══ Exercise materials
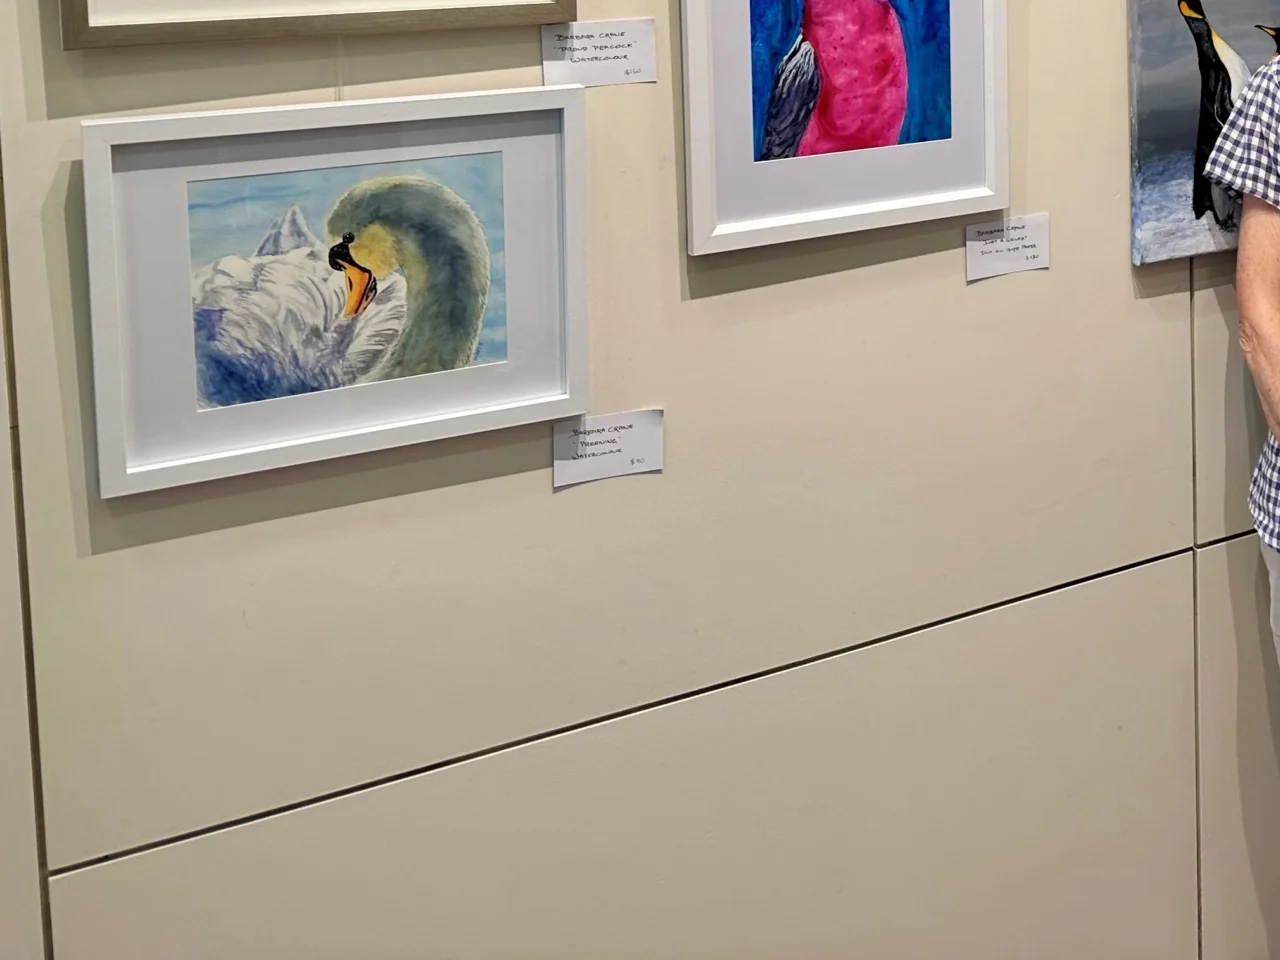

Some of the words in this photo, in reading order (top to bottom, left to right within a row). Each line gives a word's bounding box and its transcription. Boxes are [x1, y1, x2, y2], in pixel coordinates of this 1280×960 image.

[554, 33, 594, 41] BARBARA
[599, 31, 626, 40] CRANE
[570, 54, 628, 63] WATERCOLOUR
[608, 424, 634, 433] CRANE
[571, 448, 623, 460] WATERCOLOUR
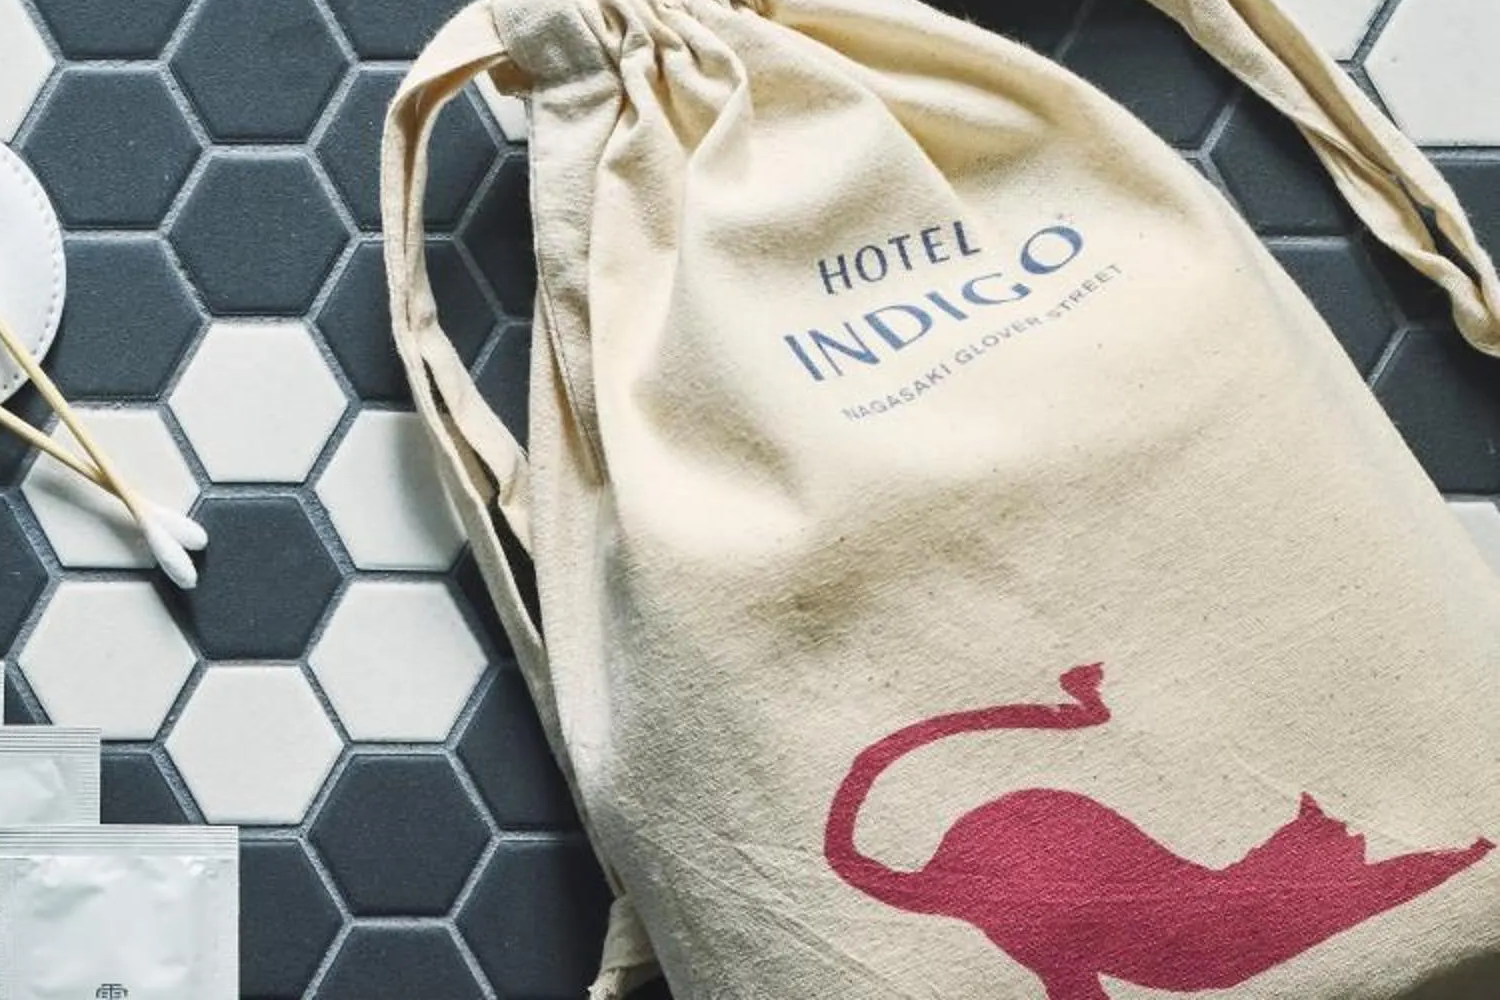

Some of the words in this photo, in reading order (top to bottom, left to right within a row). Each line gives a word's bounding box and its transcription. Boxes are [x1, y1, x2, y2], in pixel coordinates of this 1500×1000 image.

[783, 225, 1084, 382] INDIGO
[817, 220, 982, 295] HOTEL
[841, 362, 952, 421] NAGASAKI
[954, 315, 1043, 366] GLOVER
[1046, 263, 1123, 322] STREET
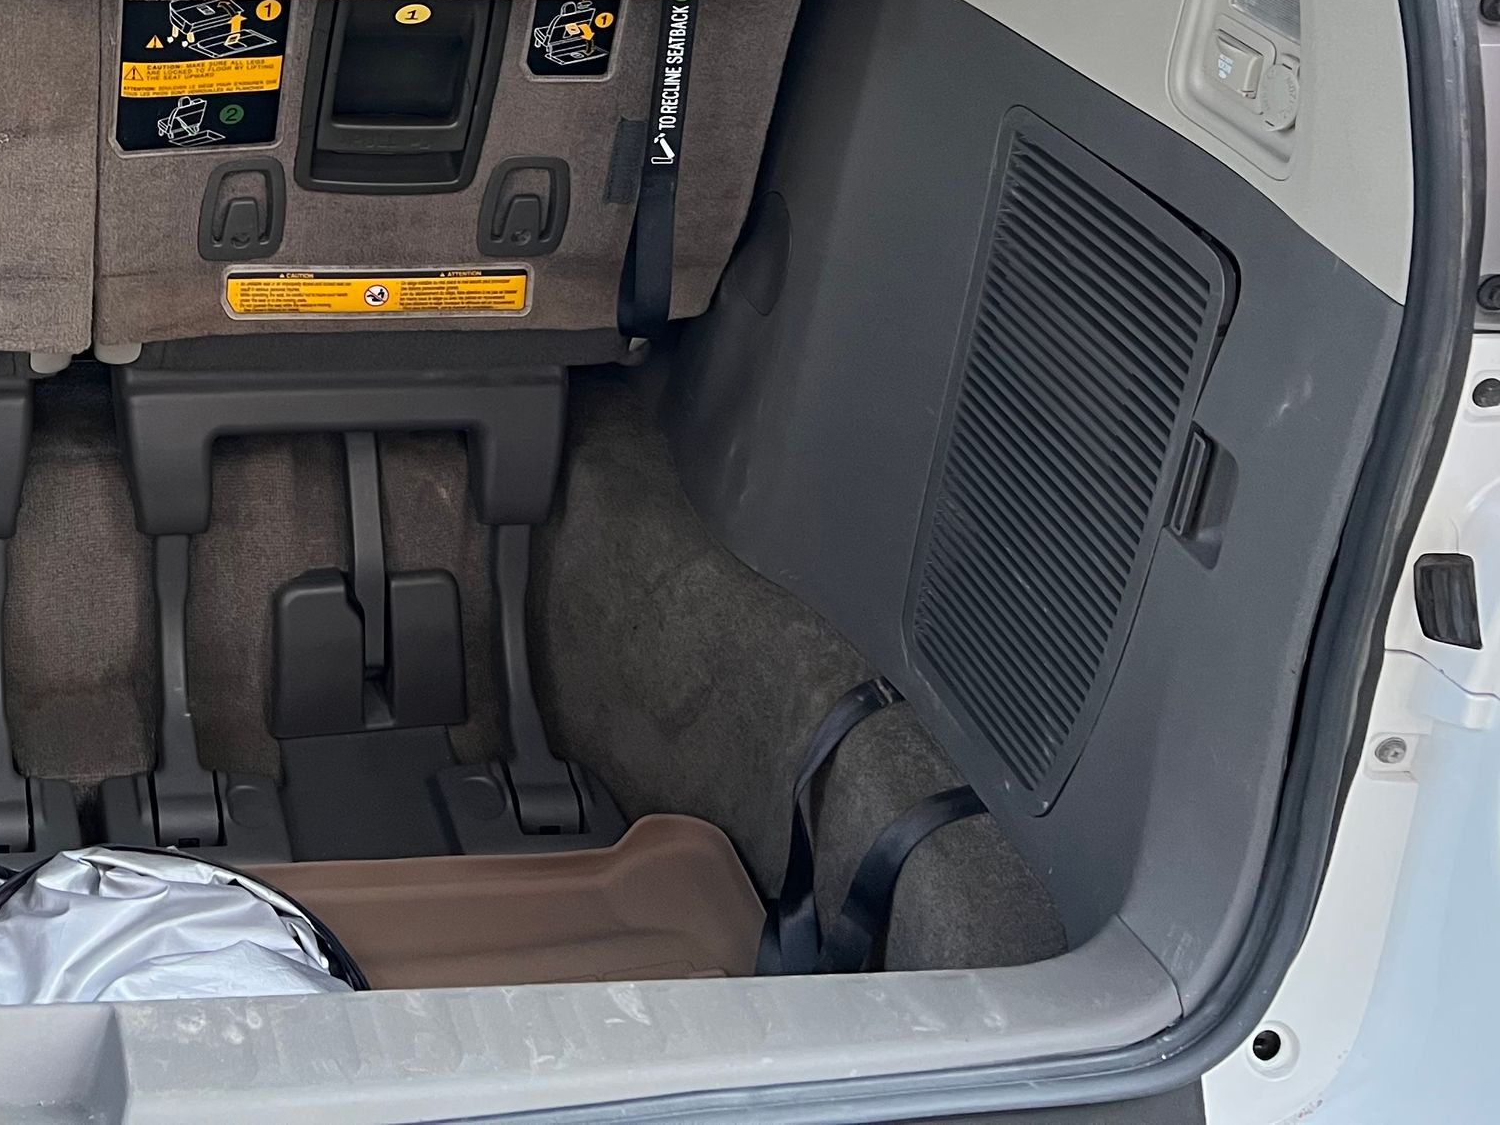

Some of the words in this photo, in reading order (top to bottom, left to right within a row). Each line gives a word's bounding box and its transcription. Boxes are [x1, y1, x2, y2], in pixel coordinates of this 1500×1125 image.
════
What you should do: Word for word, reproduce the listing above; no image should be carried over.

Exercise solution:
Some of the words in this photo, in reading order (top to bottom, left to right within a row). Each line gives a word's bounding box and its transcription. Boxes are [x1, y1, x2, y2], in pixel coordinates of this 1280×960 image.

[554, 33, 594, 41] BARBARA
[599, 31, 626, 40] CRANE
[570, 54, 628, 63] WATERCOLOUR
[608, 424, 634, 433] CRANE
[571, 448, 623, 460] WATERCOLOUR

Some of the words in this photo, in reading order (top to bottom, left to right within a row). Each line gives a word's bounding box and its transcription. Boxes are [x1, y1, x2, y2], in pixel coordinates of this 1500×1000 image.

[783, 225, 1084, 382] INDIGO
[817, 220, 982, 295] HOTEL
[841, 362, 952, 421] NAGASAKI
[954, 315, 1043, 366] GLOVER
[1046, 263, 1123, 322] STREET

Some of the words in this photo, in reading order (top to bottom, left to right within a row). Each line gives a word's bounding box and its transcription. Boxes are [x1, y1, x2, y2], in pixel coordinates of this 1500×1125 image.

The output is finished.